■ Exercise requirements
Please give an exact printout of the records, without any pictures.

■ Data for this exercise
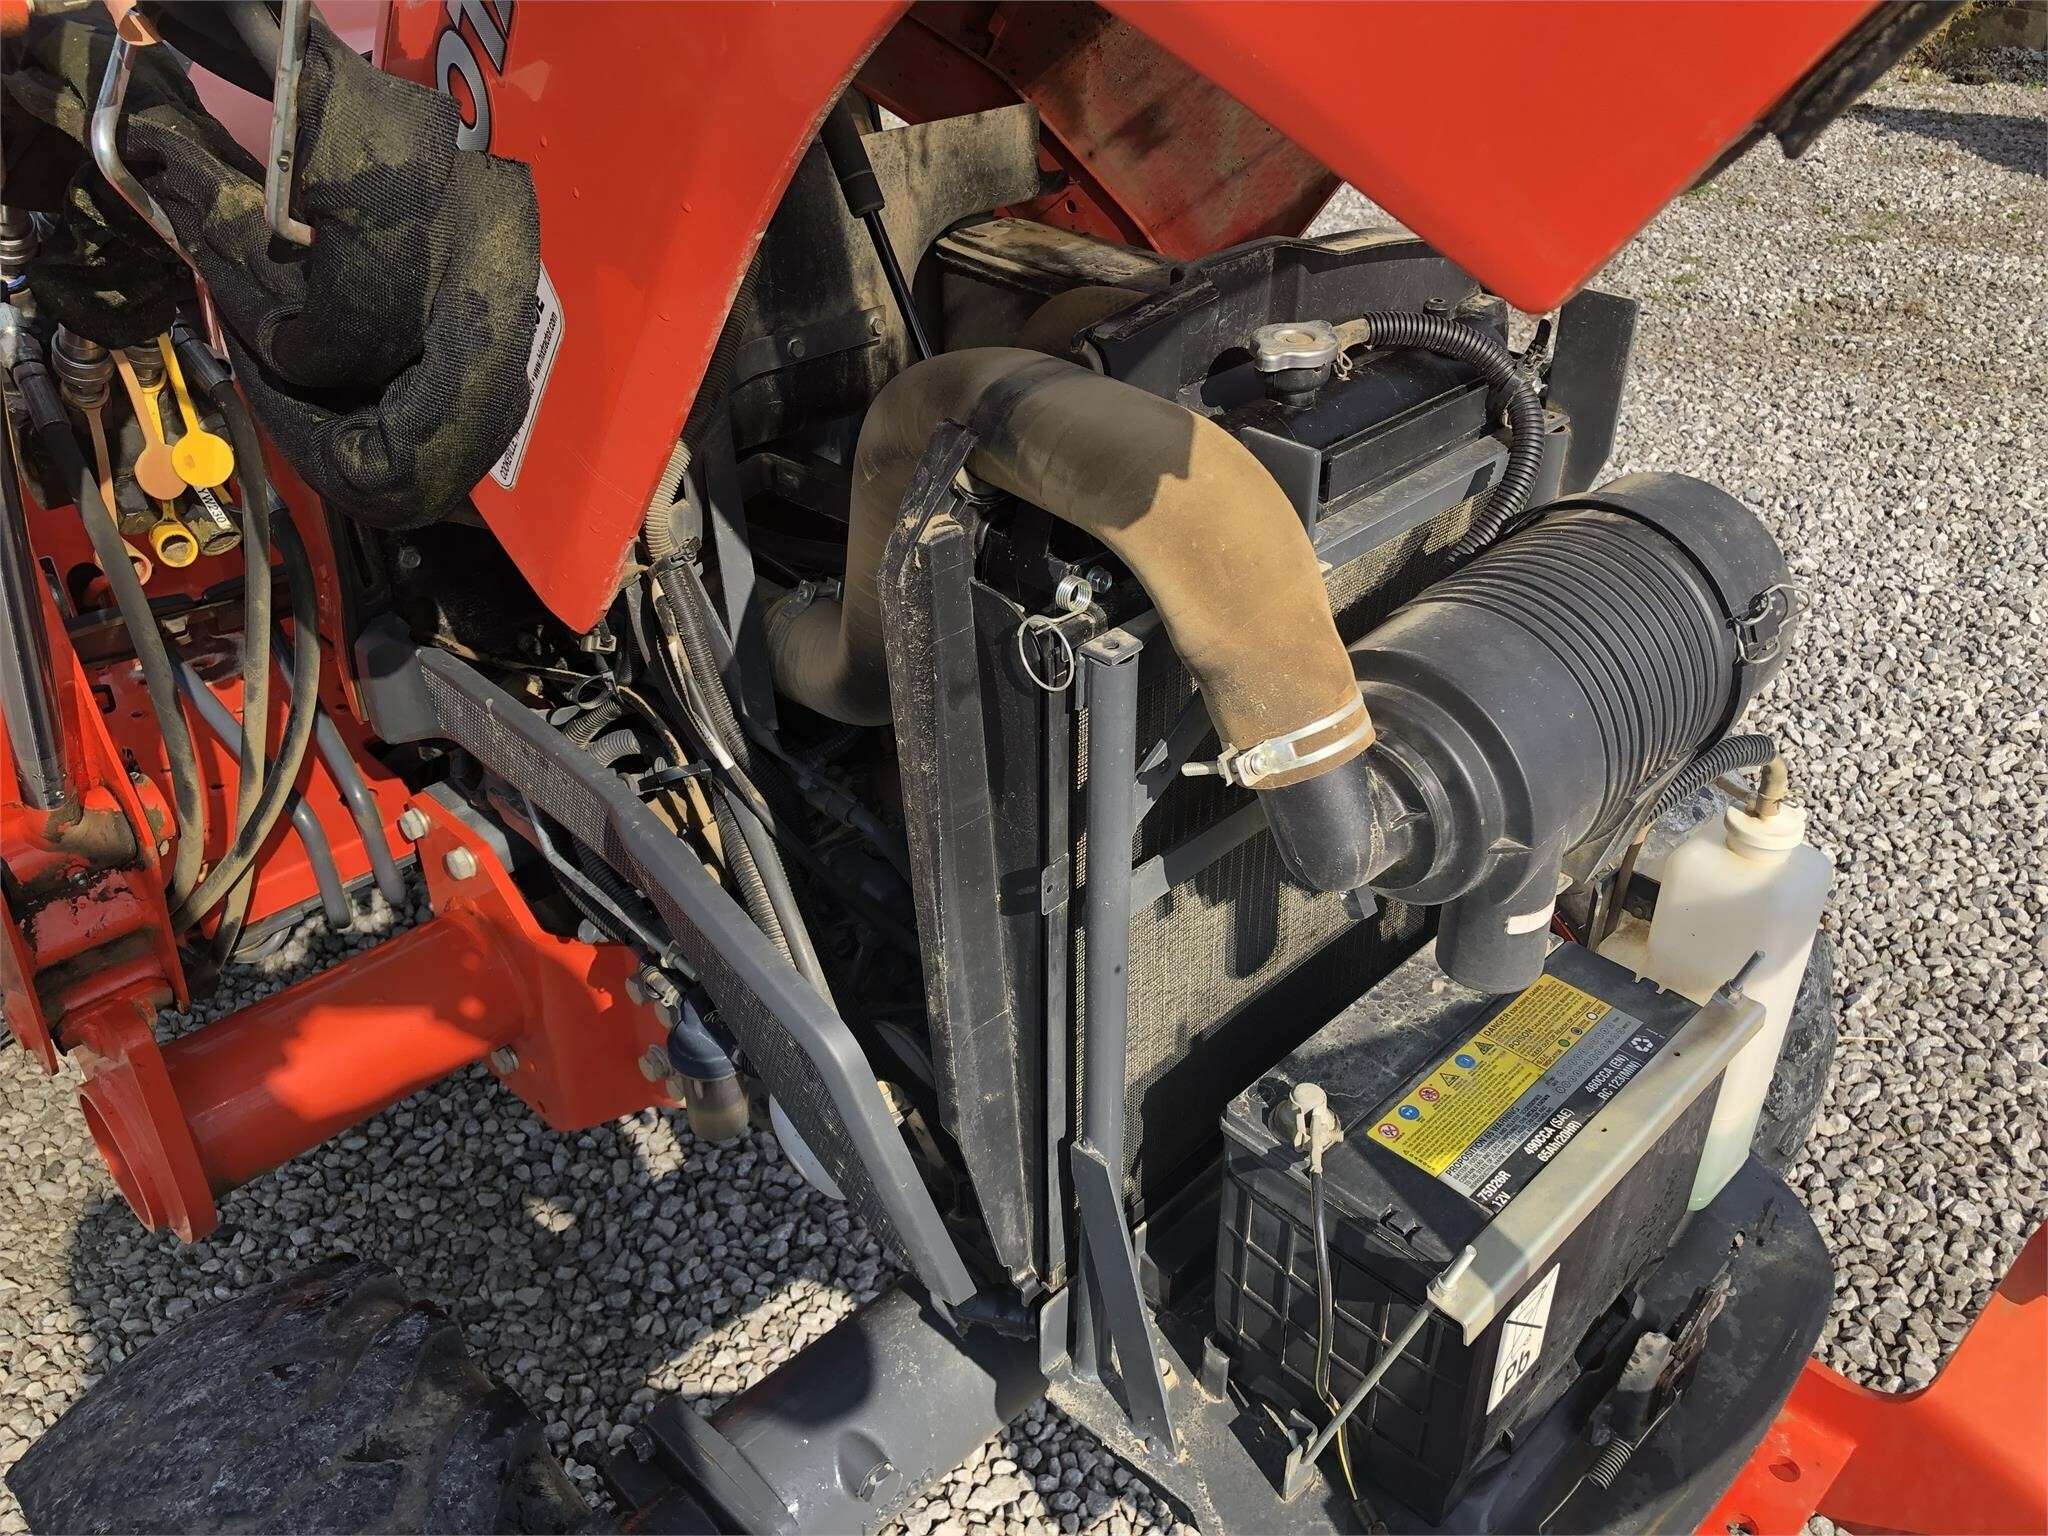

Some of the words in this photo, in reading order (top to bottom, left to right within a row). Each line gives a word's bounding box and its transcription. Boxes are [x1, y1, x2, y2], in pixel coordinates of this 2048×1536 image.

[1482, 1012, 1512, 1037] DANGER
[1507, 1027, 1534, 1050] POISON
[1583, 1066, 1616, 1094] 460CCA
[1607, 1052, 1630, 1071] (EN)
[1598, 1087, 1614, 1100] RC
[1606, 1059, 1641, 1090] 123(MIN)
[1445, 1137, 1487, 1177] PROPOSITION
[1483, 1130, 1495, 1139] 65
[1489, 1105, 1520, 1133] WARNING
[1522, 1125, 1556, 1156] 490CCA
[1548, 1106, 1576, 1130] (SAE)
[1536, 1119, 1583, 1163] 65Ah(20HR)
[1476, 1170, 1512, 1202] 75D26R
[1490, 1190, 1512, 1209] 12V
[1501, 1351, 1530, 1395] Pb

■ Solved exercise
Some of the words in this photo, in reading order (top to bottom, left to right within a row). Each line gives a word's bounding box and its transcription. Boxes are [x1, y1, x2, y2], in pixel coordinates of this 2048×1536 image.

[1482, 1012, 1512, 1037] DANGER
[1507, 1027, 1534, 1050] POISON
[1583, 1066, 1616, 1094] 460CCA
[1607, 1052, 1630, 1071] (EN)
[1598, 1087, 1614, 1100] RC
[1606, 1059, 1641, 1090] 123(MIN)
[1445, 1137, 1487, 1177] PROPOSITION
[1483, 1130, 1495, 1139] 65
[1489, 1105, 1520, 1133] WARNING
[1522, 1125, 1556, 1156] 490CCA
[1548, 1106, 1576, 1130] (SAE)
[1536, 1119, 1583, 1163] 65Ah(20HR)
[1476, 1170, 1512, 1202] 75D26R
[1490, 1190, 1512, 1209] 12V
[1501, 1351, 1530, 1395] Pb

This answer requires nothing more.